++++ Supplied records

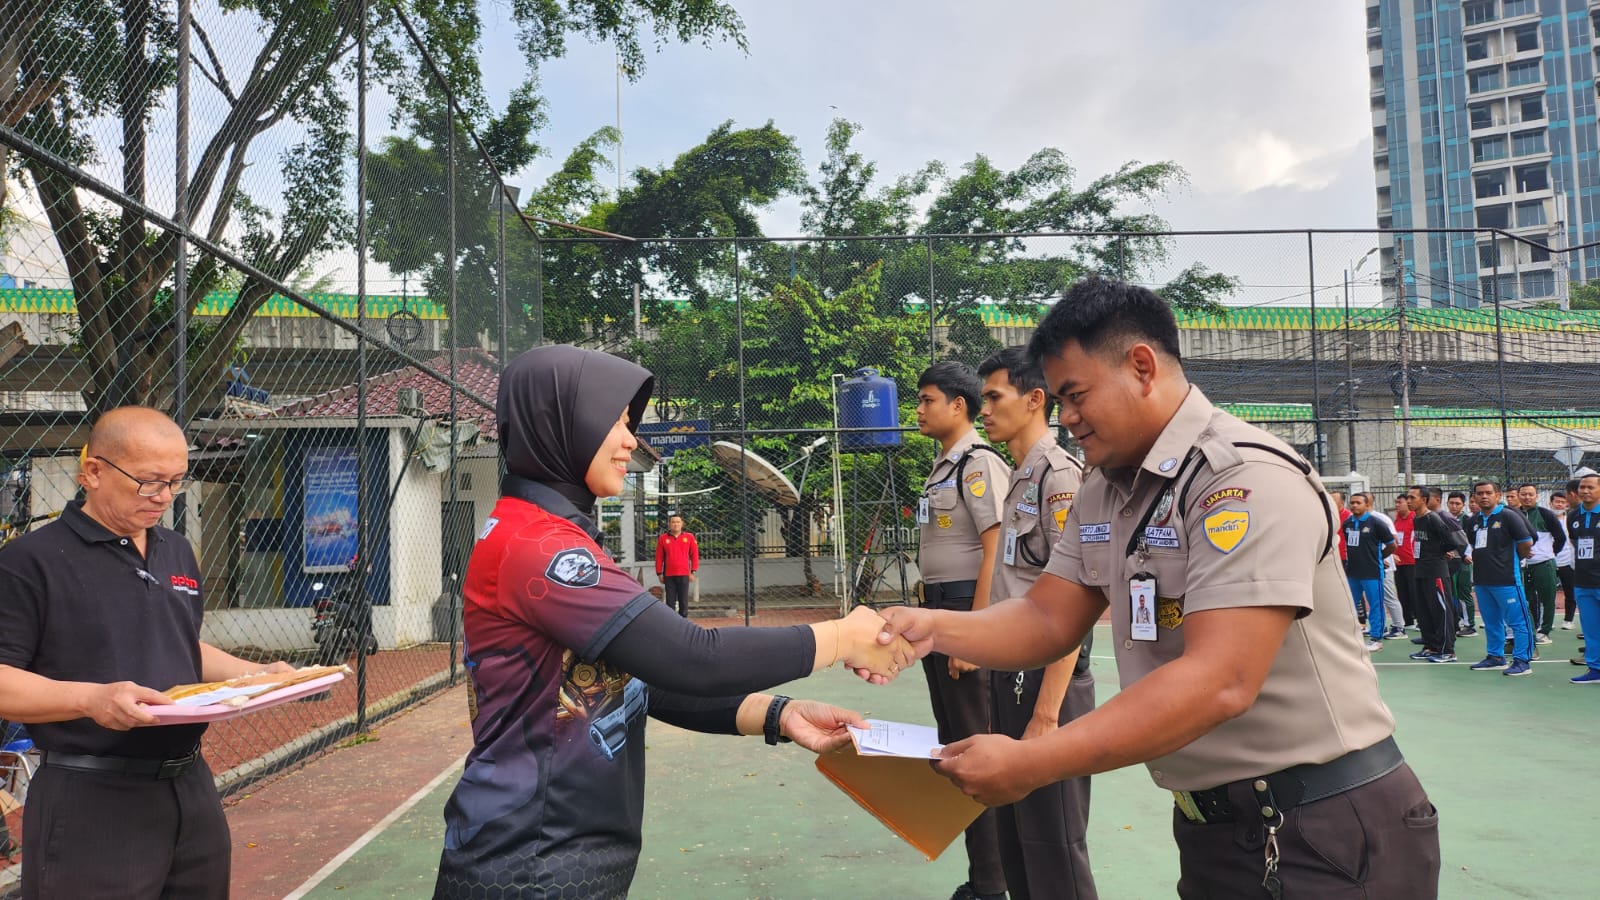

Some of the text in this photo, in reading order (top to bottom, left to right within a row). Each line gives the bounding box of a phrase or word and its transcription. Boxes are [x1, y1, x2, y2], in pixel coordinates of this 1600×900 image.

[1206, 489, 1243, 507] JAKARTA
[1146, 527, 1172, 537] SATPAM
[1208, 524, 1239, 534] mandiri
[1578, 546, 1592, 558] 07
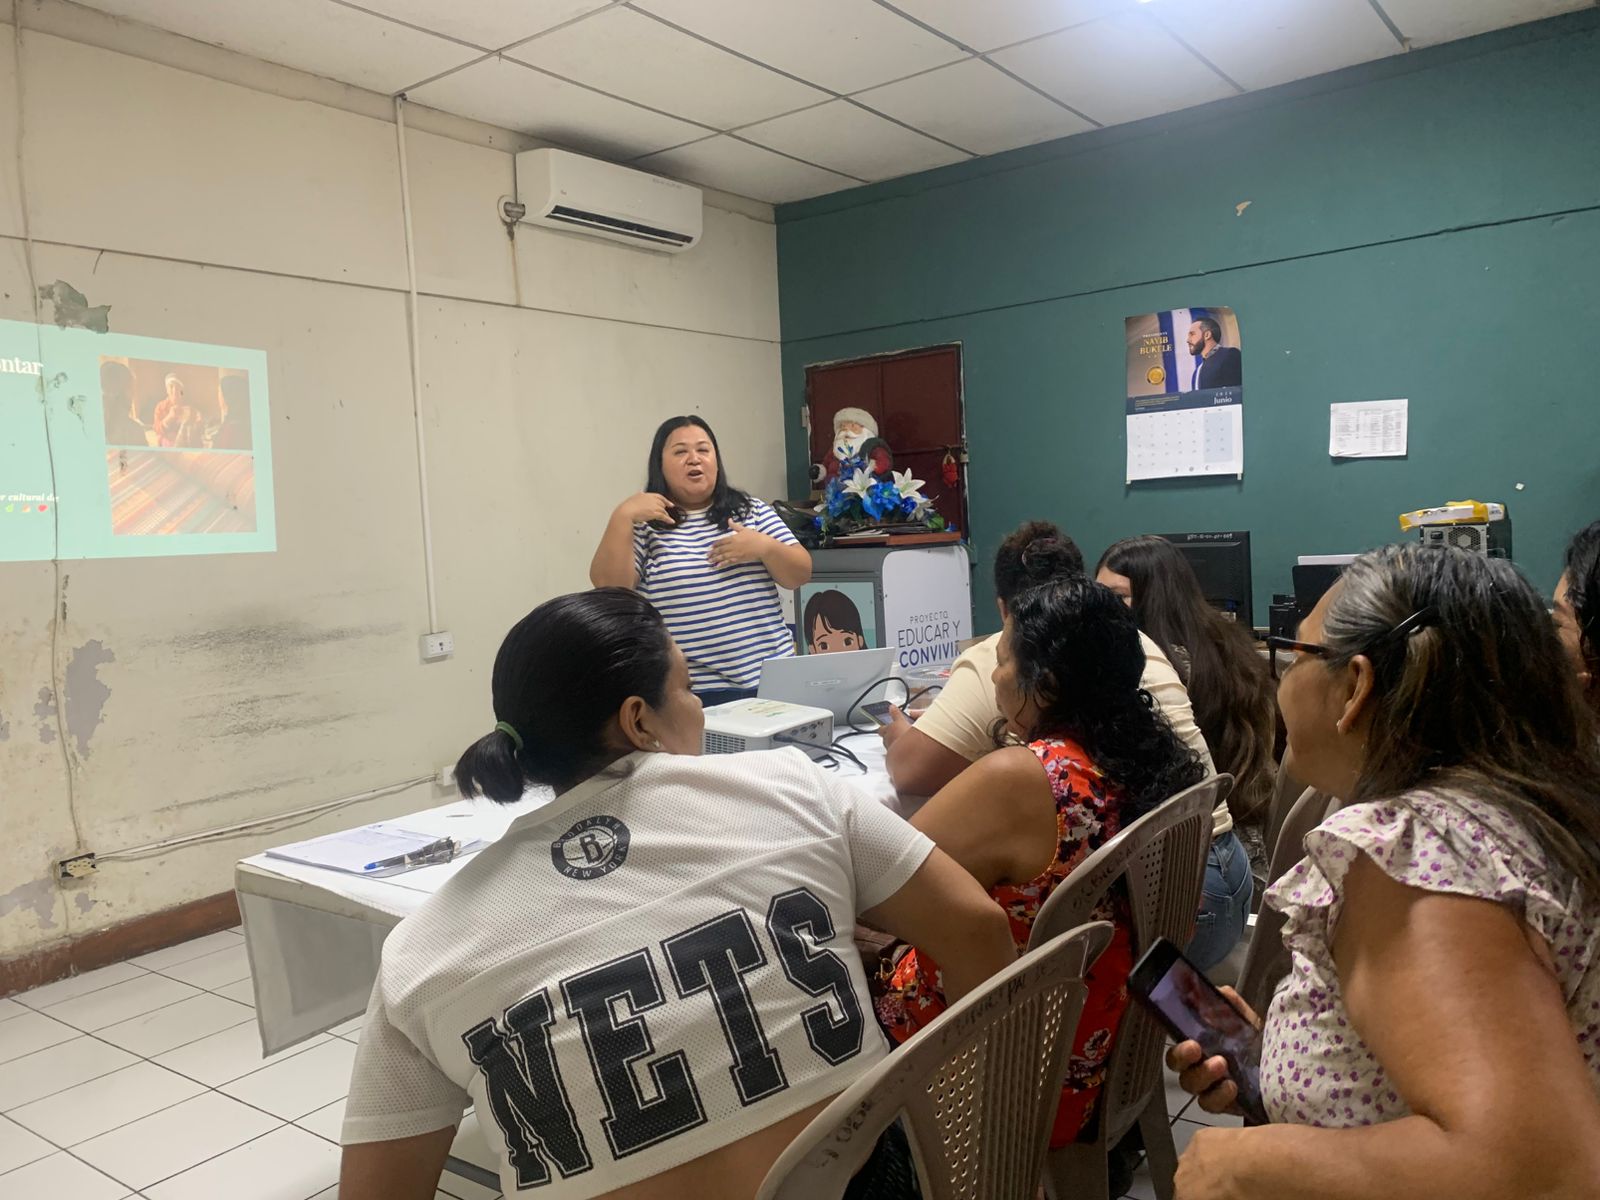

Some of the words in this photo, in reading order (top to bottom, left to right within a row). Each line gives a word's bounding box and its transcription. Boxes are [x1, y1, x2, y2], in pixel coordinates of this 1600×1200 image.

[0, 357, 44, 375] ntar
[1213, 395, 1233, 405] Junio
[8, 493, 45, 502] cultural
[910, 610, 948, 624] PROYECTO
[897, 622, 950, 648] EDUCAR
[952, 620, 960, 637] Y
[579, 833, 603, 864] B
[563, 866, 592, 877] NEW
[600, 846, 627, 873] YORK
[461, 886, 865, 1190] NETS
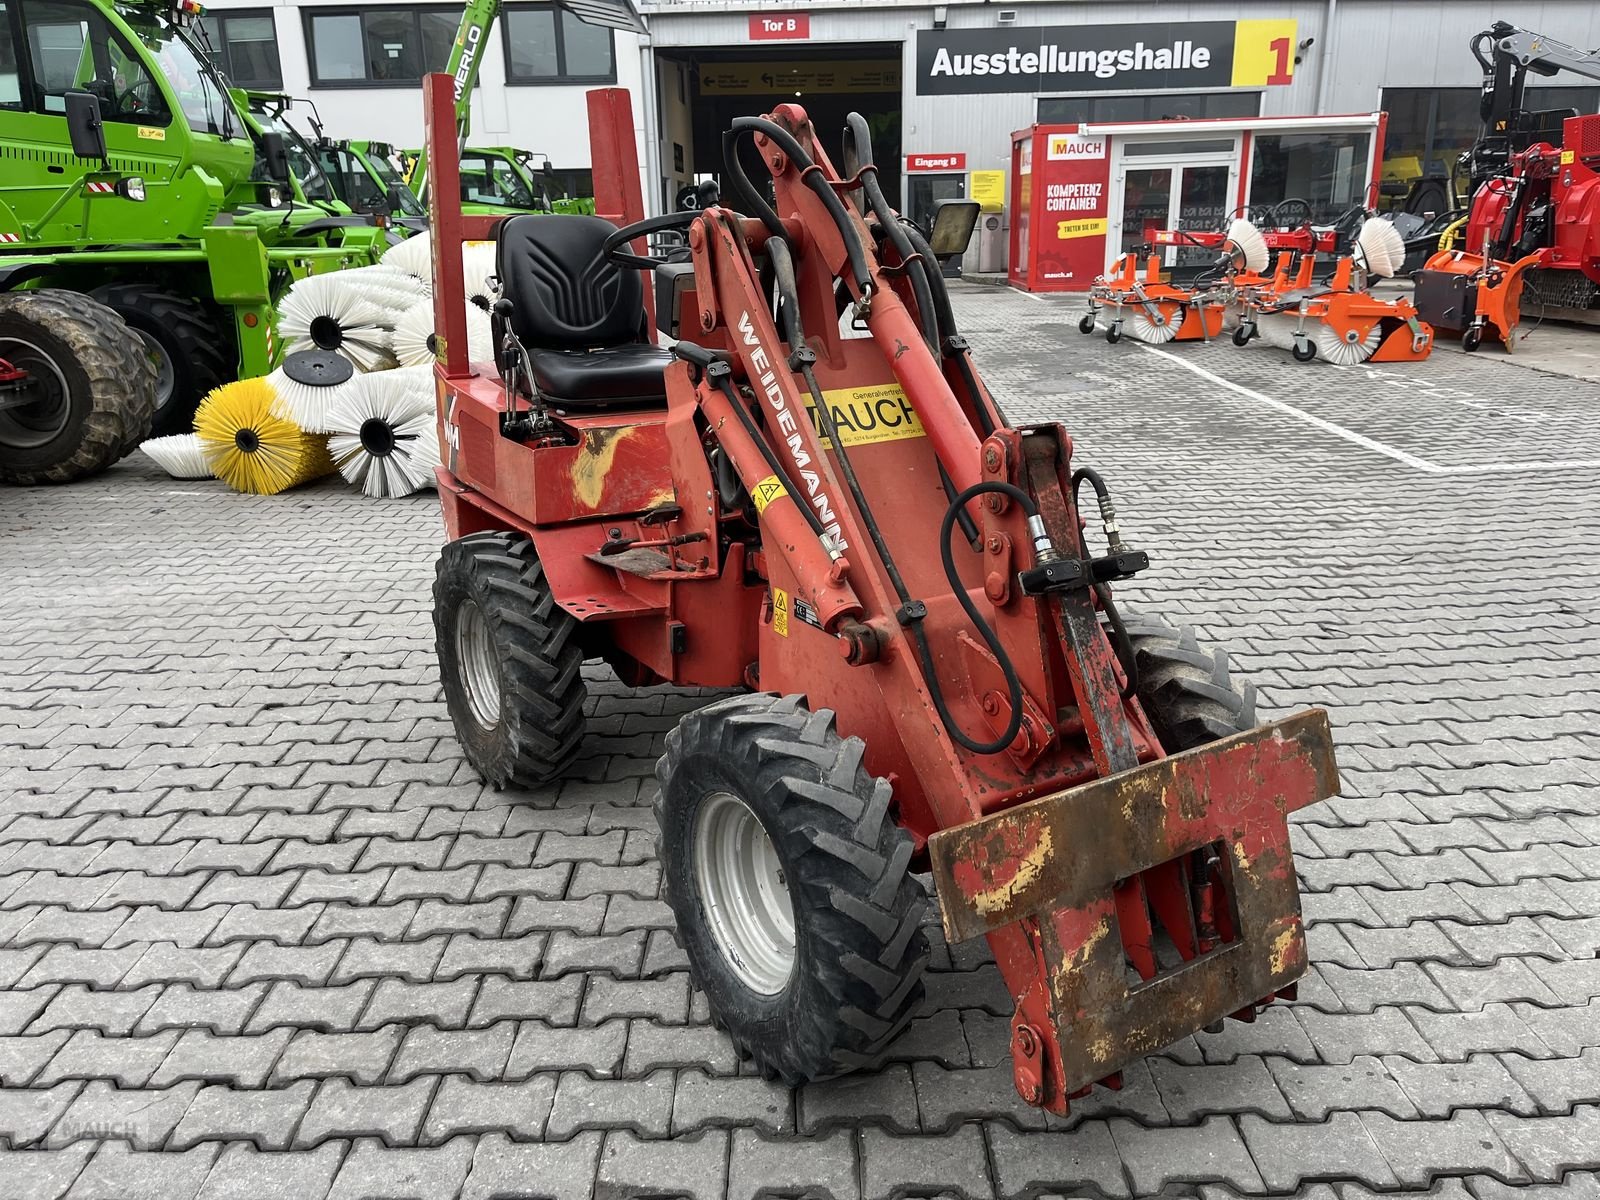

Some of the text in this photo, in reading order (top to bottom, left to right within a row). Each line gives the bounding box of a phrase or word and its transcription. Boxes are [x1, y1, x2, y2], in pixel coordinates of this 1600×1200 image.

++++++++

All records above are to be repeated exactly, with the images left out.

Answer space >>
Some of the text in this photo, in reading order (top to bottom, left to right within a row). Each line gives the bounding box of a phrase or word and its transcription. Boxes are [x1, y1, x2, y2], in pixel coordinates of this 1600×900 image.

[1206, 489, 1243, 507] JAKARTA
[1146, 527, 1172, 537] SATPAM
[1208, 524, 1239, 534] mandiri
[1578, 546, 1592, 558] 07

Some of the words in this photo, in reading order (top to bottom, left to right within a row). Each line gives a word's bounding box and its transcription. Boxes are [x1, y1, x2, y2], in pixel coordinates of this 1600×1200 image.

[0, 357, 44, 375] ntar
[1213, 395, 1233, 405] Junio
[8, 493, 45, 502] cultural
[910, 610, 948, 624] PROYECTO
[897, 622, 950, 648] EDUCAR
[952, 620, 960, 637] Y
[579, 833, 603, 864] B
[563, 866, 592, 877] NEW
[600, 846, 627, 873] YORK
[461, 886, 865, 1190] NETS

Some of the text in this photo, in reading order (top to bottom, left to right within a row). Each line gives the bounding box of a phrase or word and its transcription. Boxes are [x1, y1, x2, y2], in pixel coordinates of this 1600×1200 image.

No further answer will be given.